* _Source records_
========================

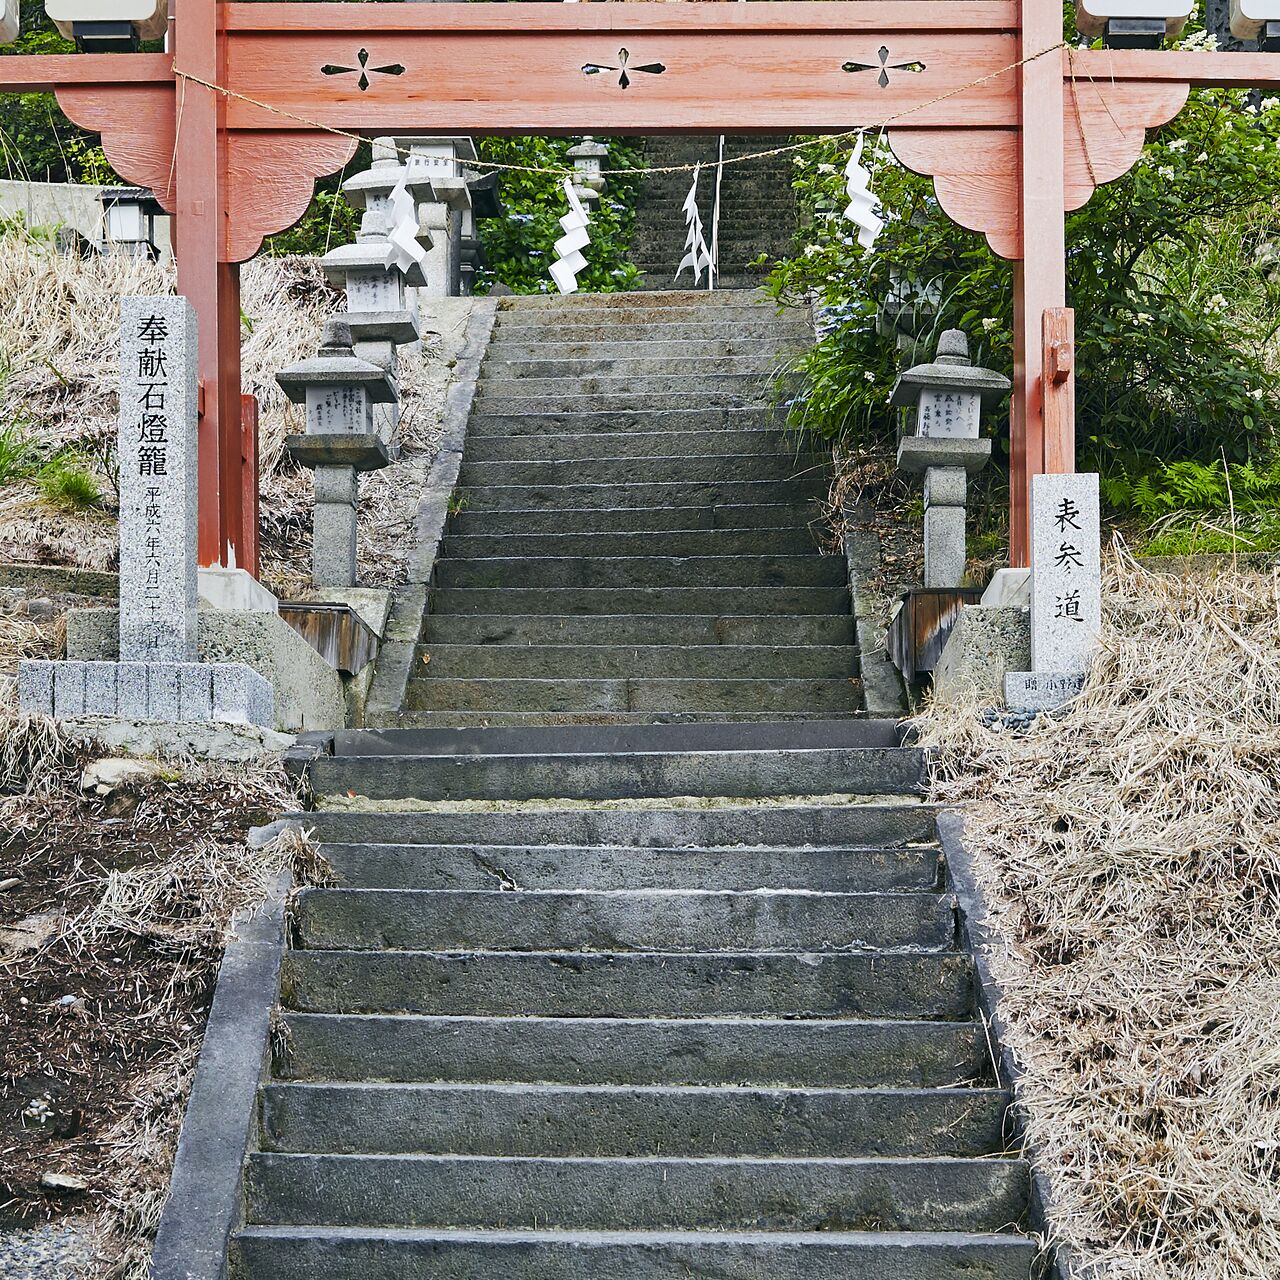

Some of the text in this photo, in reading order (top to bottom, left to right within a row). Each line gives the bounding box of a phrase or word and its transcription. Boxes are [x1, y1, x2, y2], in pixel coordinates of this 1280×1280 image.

[137, 315, 169, 477] 奉献石燈籠
[1053, 497, 1084, 623] 表参道
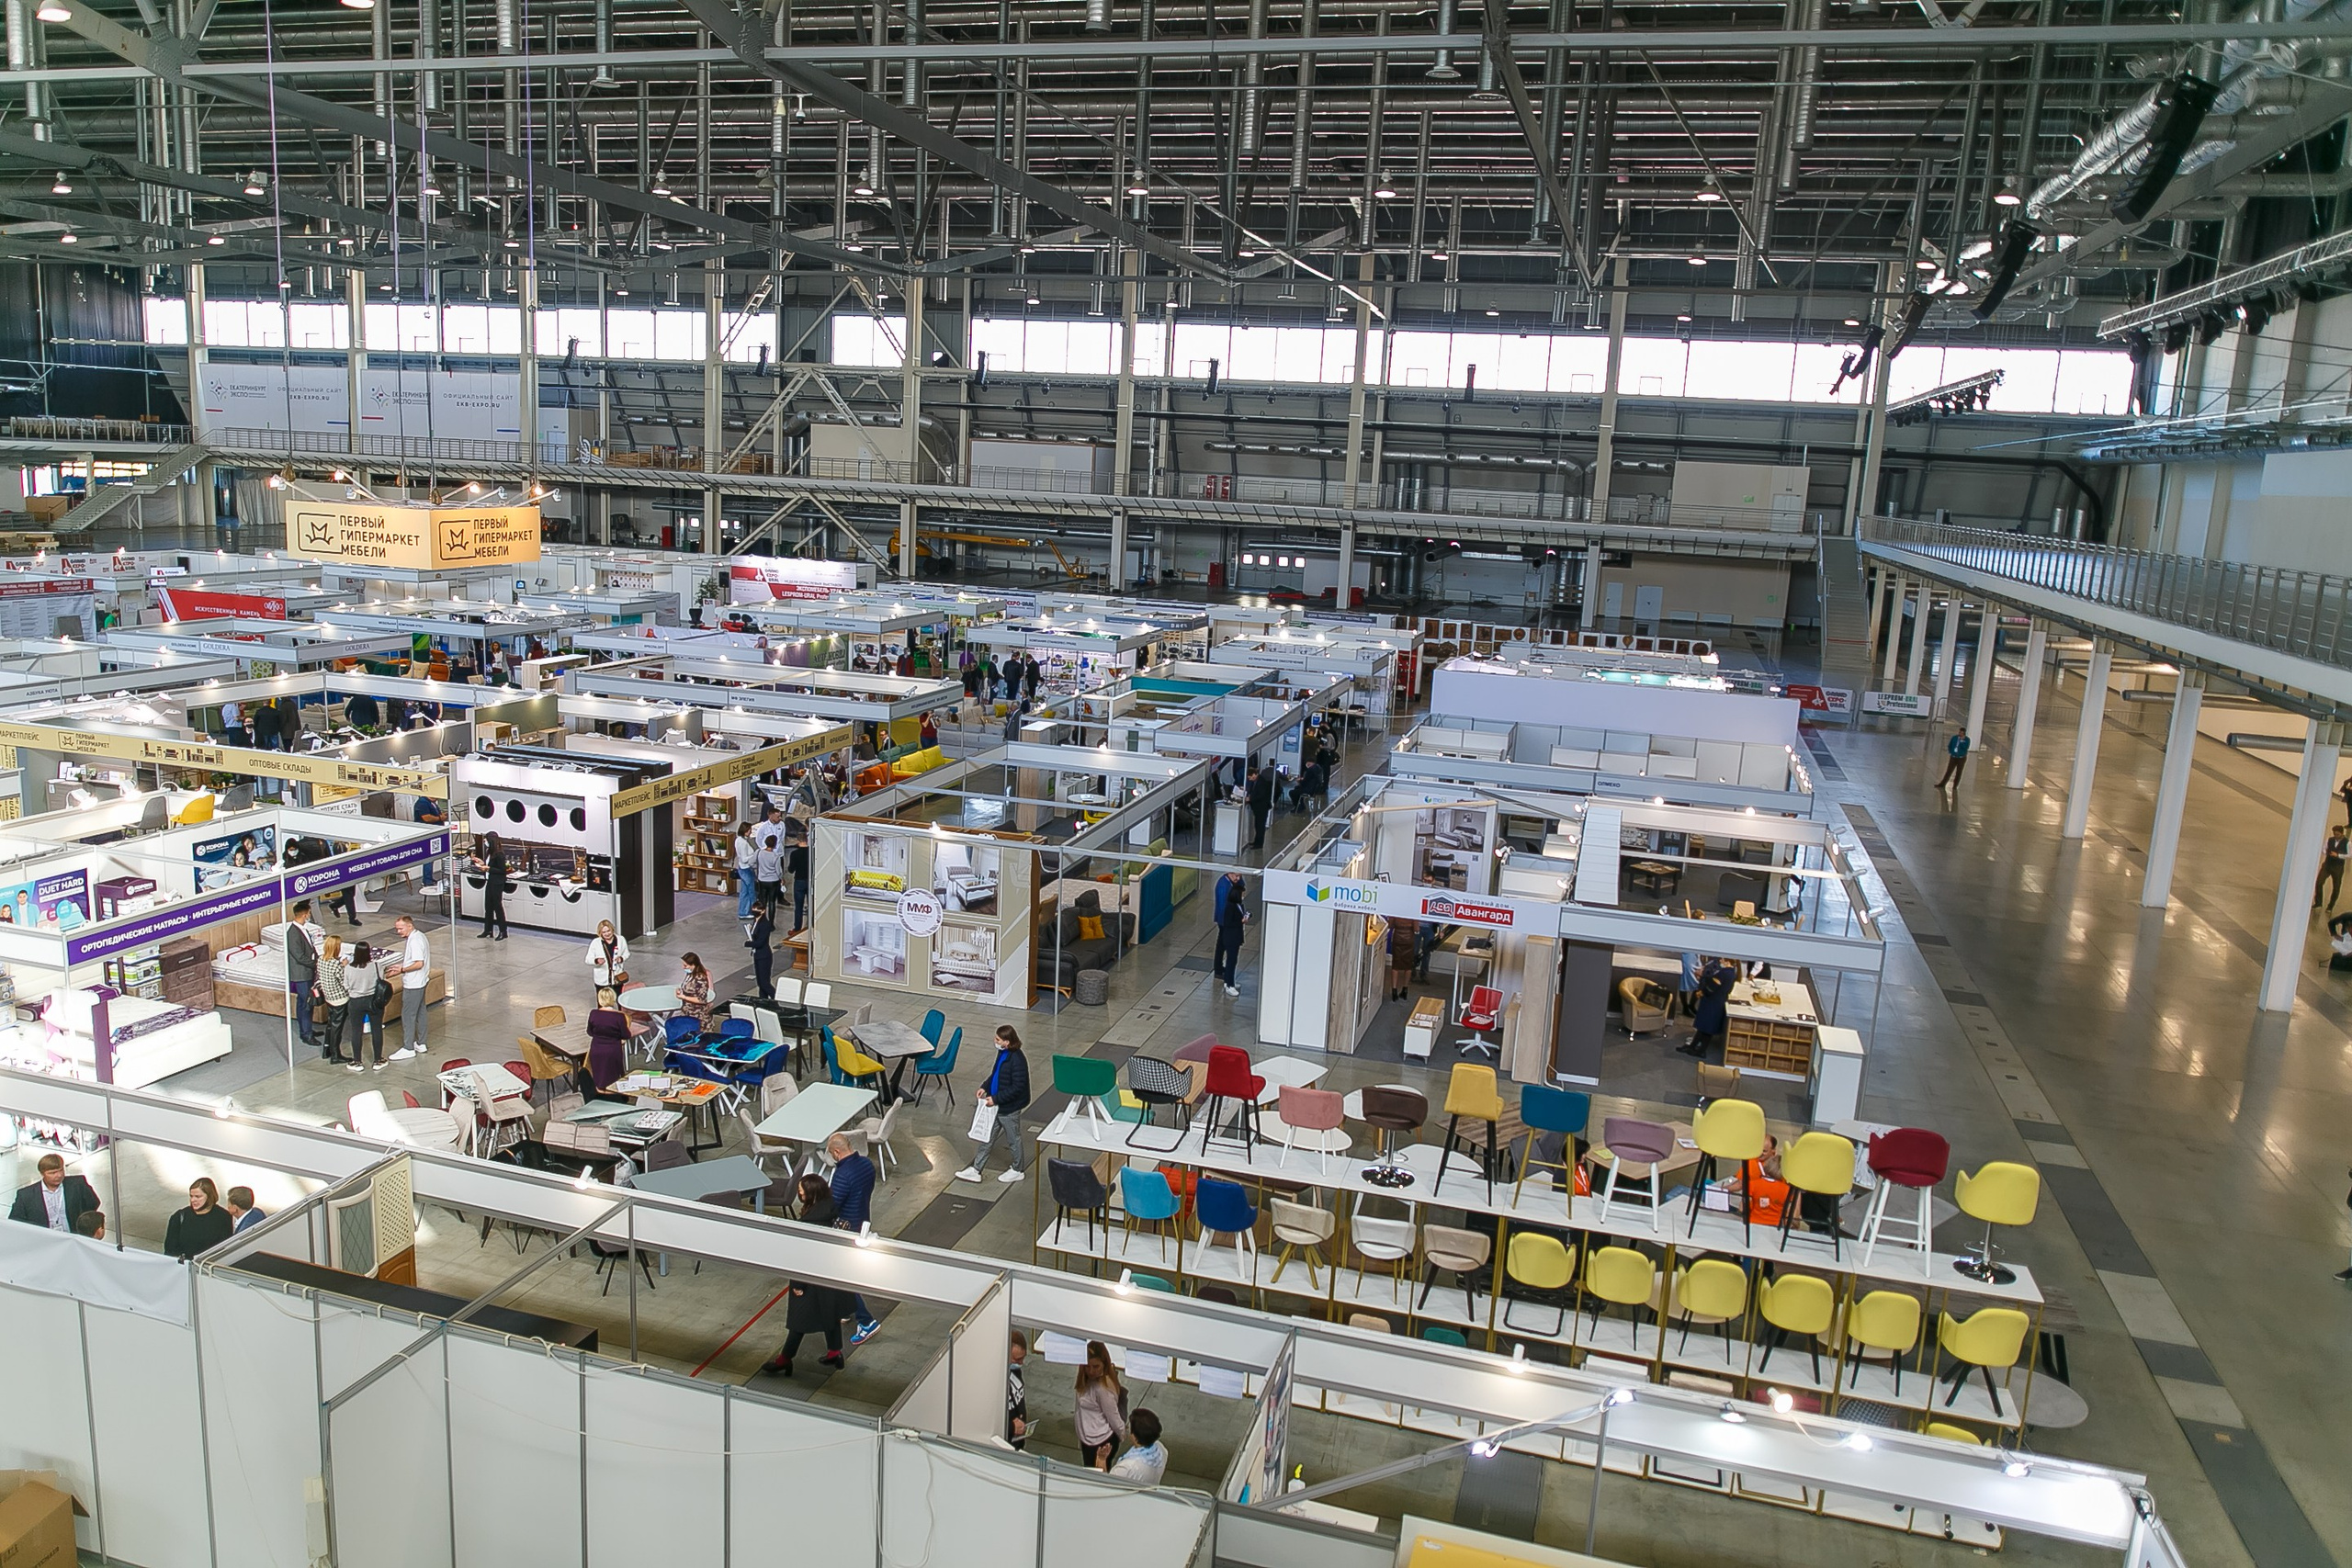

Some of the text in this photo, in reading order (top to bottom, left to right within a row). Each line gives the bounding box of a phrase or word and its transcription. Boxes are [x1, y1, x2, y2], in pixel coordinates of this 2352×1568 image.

[230, 384, 266, 392] ЕКАТЕРИНБУРГ
[339, 514, 385, 529] ПЕРВЫЙ
[473, 514, 509, 530] ПЕРВЫЙ
[340, 529, 421, 547] ГИПЕРМАРКЕТ
[473, 529, 534, 544] ГИПЕРМАРКЕТ
[340, 545, 387, 558] МЕБЕЛИ
[474, 545, 509, 558] МЕБЕЛИ
[194, 605, 237, 615] ИСКУССТВЕННЫЙ
[239, 609, 261, 617] КАМЕНЬ
[202, 642, 231, 651] GOLDERA
[345, 642, 371, 652] GOLDERA
[1877, 694, 1918, 703] LESPROM-URAL
[1886, 701, 1918, 709] Professional
[75, 732, 96, 740] ПЕРВЫЙ
[829, 733, 850, 746] ФРАНШИЗА
[76, 739, 110, 749] ГИПЕРМАРКЕТ
[248, 758, 312, 774] ОПТОВЫЕ СКЛАДЫ
[741, 755, 756, 765] ПЕРВЫЙ
[741, 759, 764, 773] ГИПЕРМАРКЕТ
[741, 768, 755, 777] МЕБЕЛИ
[613, 791, 651, 810] МАРКЕТПЛЕЙС
[206, 840, 230, 851] КОРОНА
[348, 862, 371, 874] МЕБЕЛЬ
[377, 853, 398, 866] ТОВАРЫ
[399, 850, 411, 860] ДЛЯ
[411, 847, 423, 855] СНА
[308, 868, 340, 885] КОРОНА
[39, 885, 61, 896] DUET
[61, 877, 85, 890] HARD
[1334, 884, 1378, 904] mobi
[907, 902, 933, 914] ММФ
[1357, 904, 1377, 912] мебели
[1463, 898, 1494, 908] торговый
[1456, 904, 1511, 923] Авангард
[81, 890, 271, 953] ОРТОПЕДИЧЕСКИЕ МАТРАСЫ ИНТЕРЬЕРНЫЕ КРОВАТИ

========================

* _What needs to be done_
Please output every record above exactly as written, leaving out the pictures.

* _Response to this exercise_
Some of the text in this photo, in reading order (top to bottom, left to right within a row). Each line gives the bounding box of a phrase or word and its transcription. Boxes are [x1, y1, x2, y2], in pixel coordinates of this 1280×1280 image.

[137, 315, 169, 477] 奉献石燈籠
[1053, 497, 1084, 623] 表参道

Some of the text in this photo, in reading order (top to bottom, left to right within a row). Each line gives the bounding box of a phrase or word and its transcription. Boxes are [x1, y1, x2, y2], in pixel coordinates of this 2352×1568 image.

[230, 384, 266, 392] ЕКАТЕРИНБУРГ
[339, 514, 385, 529] ПЕРВЫЙ
[473, 514, 509, 530] ПЕРВЫЙ
[340, 529, 421, 547] ГИПЕРМАРКЕТ
[473, 529, 534, 544] ГИПЕРМАРКЕТ
[340, 545, 387, 558] МЕБЕЛИ
[474, 545, 509, 558] МЕБЕЛИ
[194, 605, 237, 615] ИСКУССТВЕННЫЙ
[239, 609, 261, 617] КАМЕНЬ
[202, 642, 231, 651] GOLDERA
[345, 642, 371, 652] GOLDERA
[1877, 694, 1918, 703] LESPROM-URAL
[1886, 701, 1918, 709] Professional
[75, 732, 96, 740] ПЕРВЫЙ
[829, 733, 850, 746] ФРАНШИЗА
[76, 739, 110, 749] ГИПЕРМАРКЕТ
[248, 758, 312, 774] ОПТОВЫЕ СКЛАДЫ
[741, 755, 756, 765] ПЕРВЫЙ
[741, 759, 764, 773] ГИПЕРМАРКЕТ
[741, 768, 755, 777] МЕБЕЛИ
[613, 791, 651, 810] МАРКЕТПЛЕЙС
[206, 840, 230, 851] КОРОНА
[348, 862, 371, 874] МЕБЕЛЬ
[377, 853, 398, 866] ТОВАРЫ
[399, 850, 411, 860] ДЛЯ
[411, 847, 423, 855] СНА
[308, 868, 340, 885] КОРОНА
[39, 885, 61, 896] DUET
[61, 877, 85, 890] HARD
[1334, 884, 1378, 904] mobi
[907, 902, 933, 914] ММФ
[1357, 904, 1377, 912] мебели
[1463, 898, 1494, 908] торговый
[1456, 904, 1511, 923] Авангард
[81, 890, 271, 953] ОРТОПЕДИЧЕСКИЕ МАТРАСЫ ИНТЕРЬЕРНЫЕ КРОВАТИ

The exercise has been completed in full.